3.1. 2D and 3D without rotation

The 2D simulation exhibits an estuarine circulation of a salty warmer AW inflow and a fresher colder GMW outflow, driven by the buoyant plume due to submarine melt at the ice–ocean interface (Figure 2a). This flow pattern is typical for long and narrow fjords (Straneo and Cenedese, Reference Straneo and Cenedese2015). The inflow over the sill crest is hydraulically controlled, which limits the inflow compared to the case without or with a deeper sill (Nilsson and others, Reference Nilsson, Van Dongen, Jakobsson, O’Regan and Stranne2023). Notably, almost half of the GMW recirculates glacierward of the sill. The non-recirculating fraction of the GMW leaves the domain across the sill balanced by the AW inflow, in combination referred to as the exchange flow in the following (Figure 2a). This leads to cooler temperatures inside the sill, compared to outside the sill, which reduces the submarine ice melt (Figure 2a), compared to a no-sill case. The upper-most layer in the fjord (0–250 m) that exhibits a strong temperature, salinity and density gradient (Figure 2a, only temperature shown) is essentially stagnant, as the buoyant plume does not penetrate through the strong halocline in the upper water column.

Figure 2. Across fjord averages of temperature (background colour) and streamfunction (in m2 s−1, contour lines) for a 2D simulation (a) and 3D simulations without rotation of widths of 10 km (b), 5 km (c), 2 km (d) and 1 km (e). Solid (dashed) streamlines indicate clockwise (counterclockwise) circulation. Coloured lines in the top left corner show the melt rate distribution along the ice base (right y-axis).

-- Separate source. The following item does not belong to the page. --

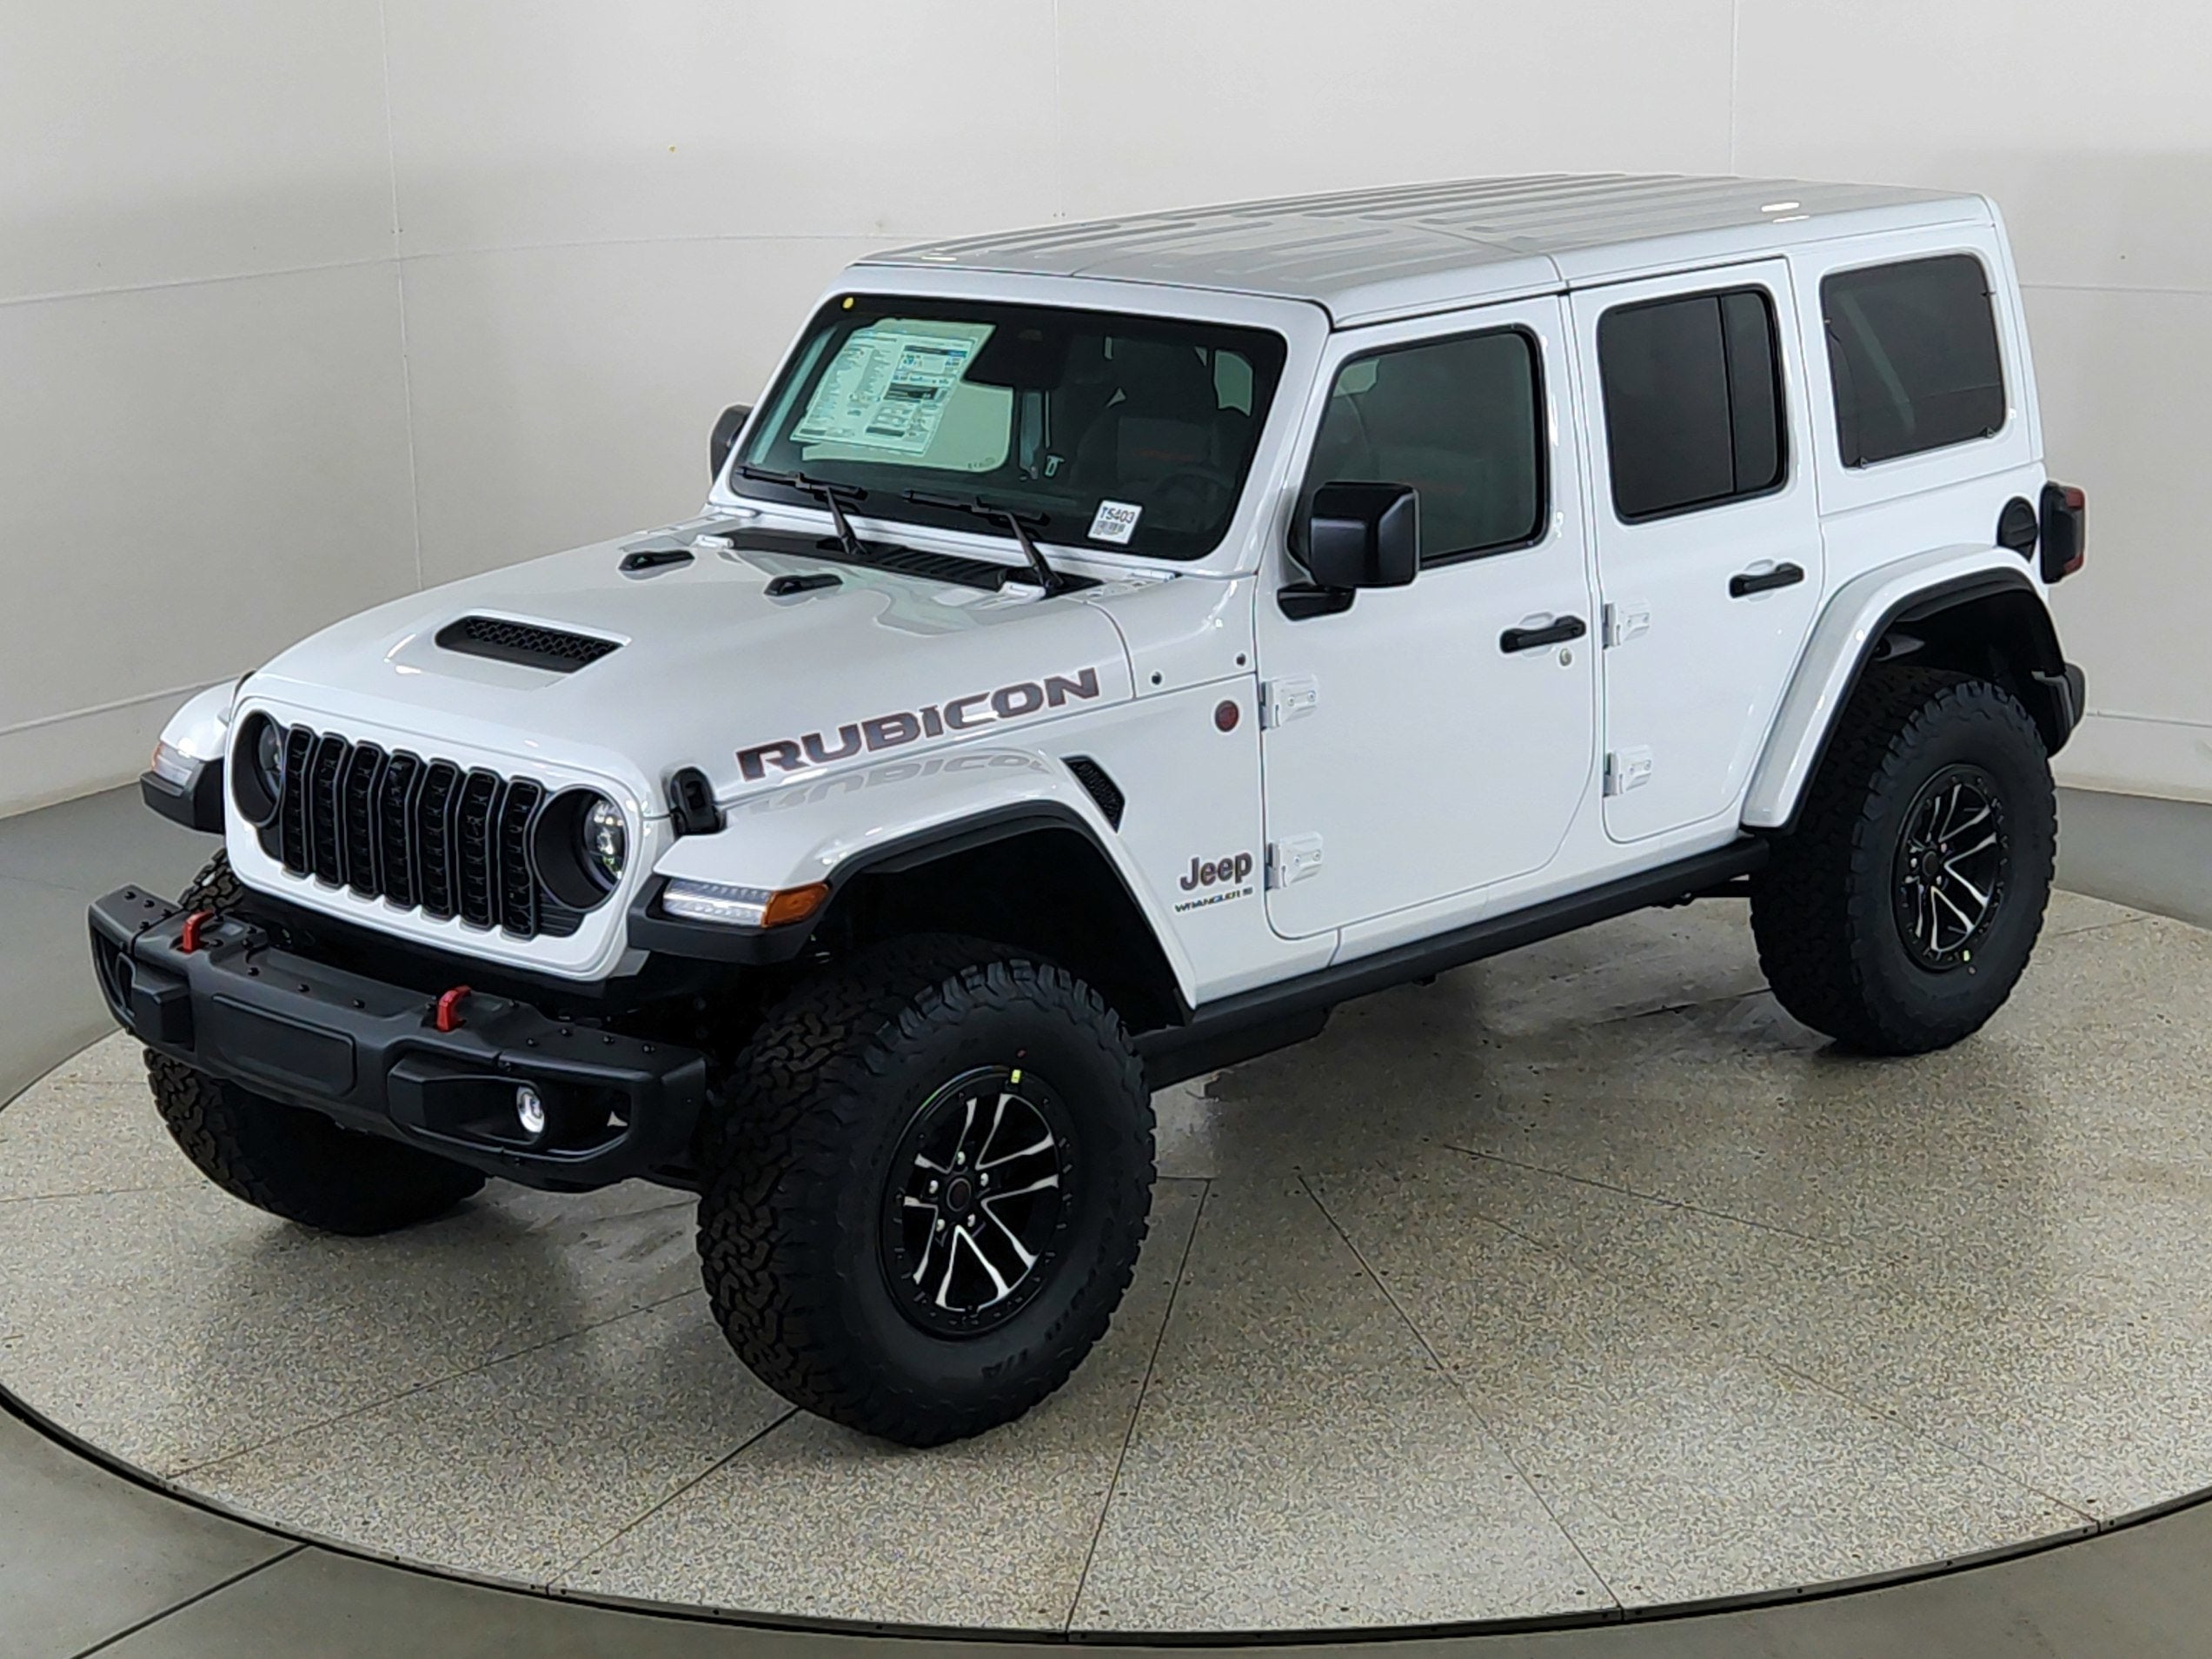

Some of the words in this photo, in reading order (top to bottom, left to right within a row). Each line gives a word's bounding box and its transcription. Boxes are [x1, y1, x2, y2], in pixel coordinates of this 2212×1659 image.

[1099, 507, 1135, 523] T5403
[736, 667, 1099, 782] RUBICON
[1179, 852, 1252, 891] Jeep
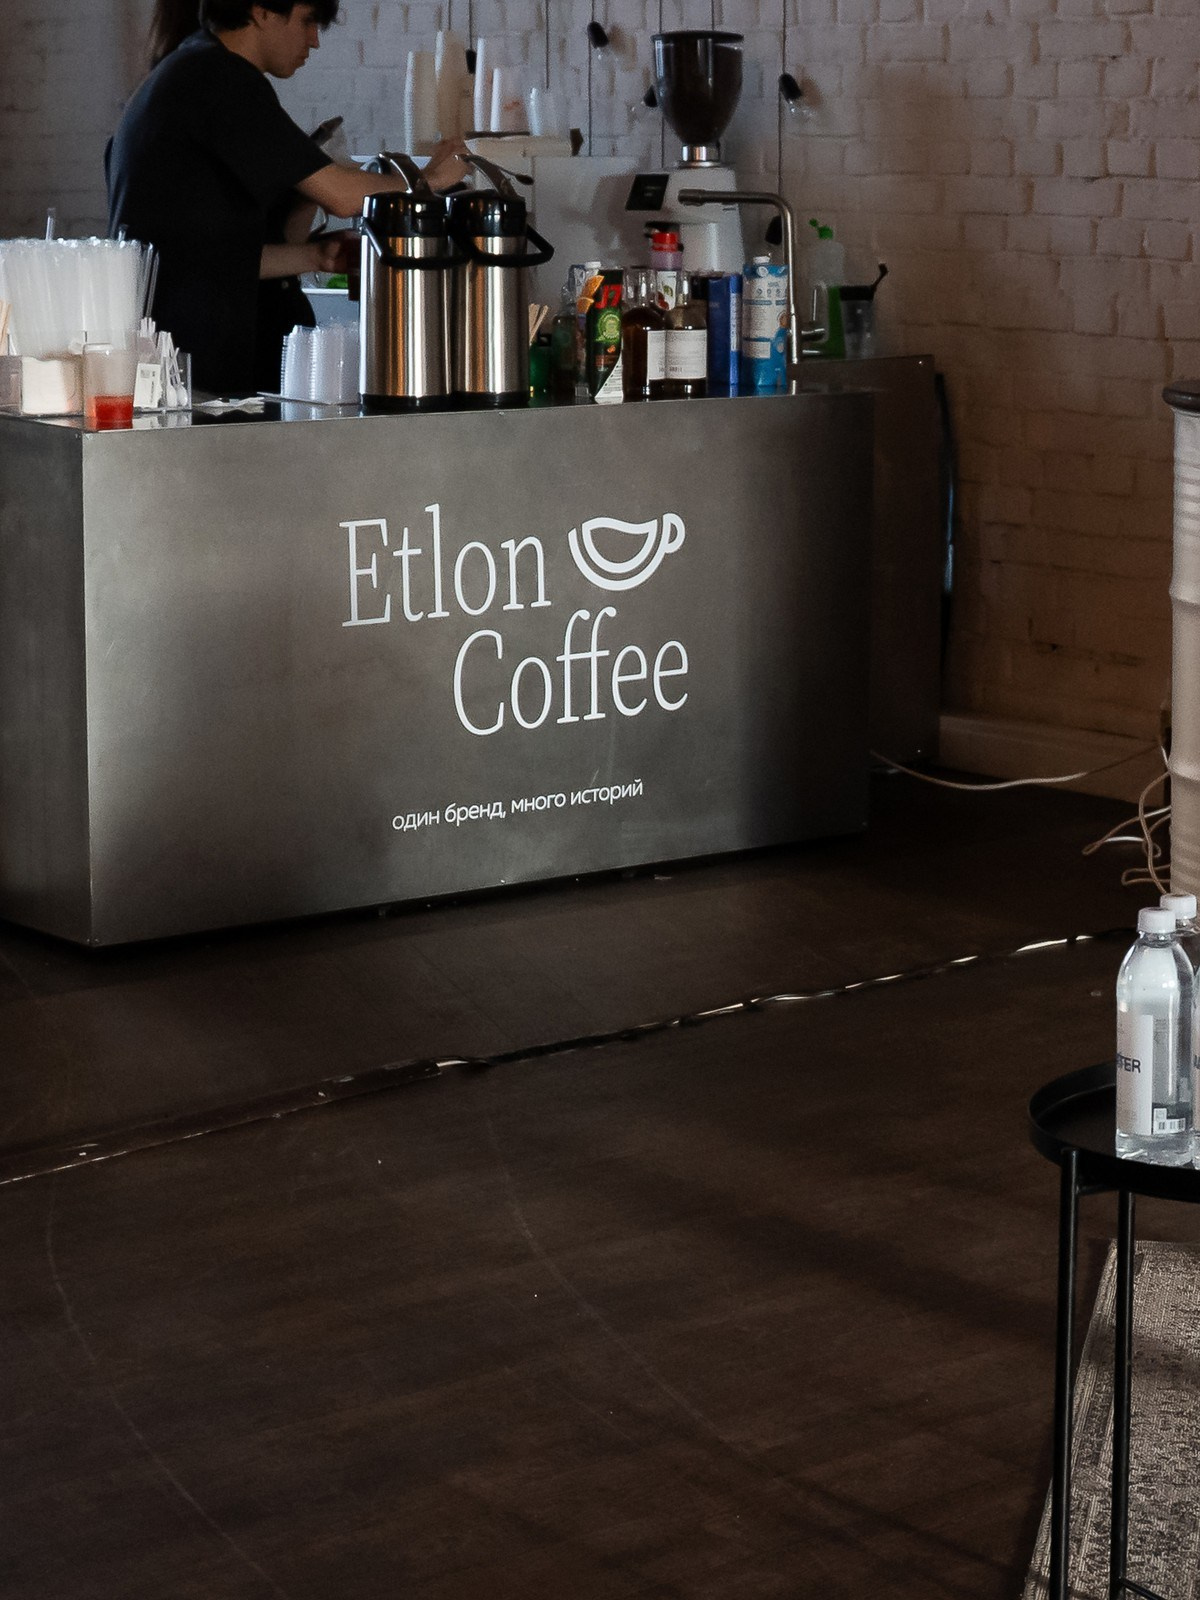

For 3D simulations, the green shows the across fjord average, blue shows the across fjord maximum and grey shows the 2D melt distribution for reference. The small-scale pattern apparent in the melt rates is due to implementation of the melt parameterization in MITgcm with the partial-cell discretization.

Close to the grounding line, the plume is slow and melt rates are low (Figure 2a). The plume accelerates along the ice, leading to an increase in melt with growing distance away from the grounding line. Once the plume detaches at around 20 km, the melt rate decreases rapidly towards zero.

In the non-rotating 3D simulations, the circulation shows a similar structure to the 2D simulation, for all fjord widths (Figure 2be). We note that for decreasing fjord width the across fjord averaged overturning strength (volume transport per unit width) glacierward of the sill decreases from a maximum of 3.5 m2 s−1 in the 10 km wide simulation (Figure 2b) to a maximum of 1.5 m2 s−1 for the 1 km wide simulation (Figure 2e). The exchange flow across the sill decreases from 2.0 m2 s−1 at 10 km width to 1.0 m2 s−1 at 1 km width (Figure 2be).

As both the Coriolis force and any geometric cross-fjord variations are absent, we attribute this decrease to lateral friction near the boundary becoming more important in narrower fjords. This suggests that for narrower domains, frictional effects near the side walls influence a greater proportion of domain, which acts to decrease the cross-fjord averaged flow speed.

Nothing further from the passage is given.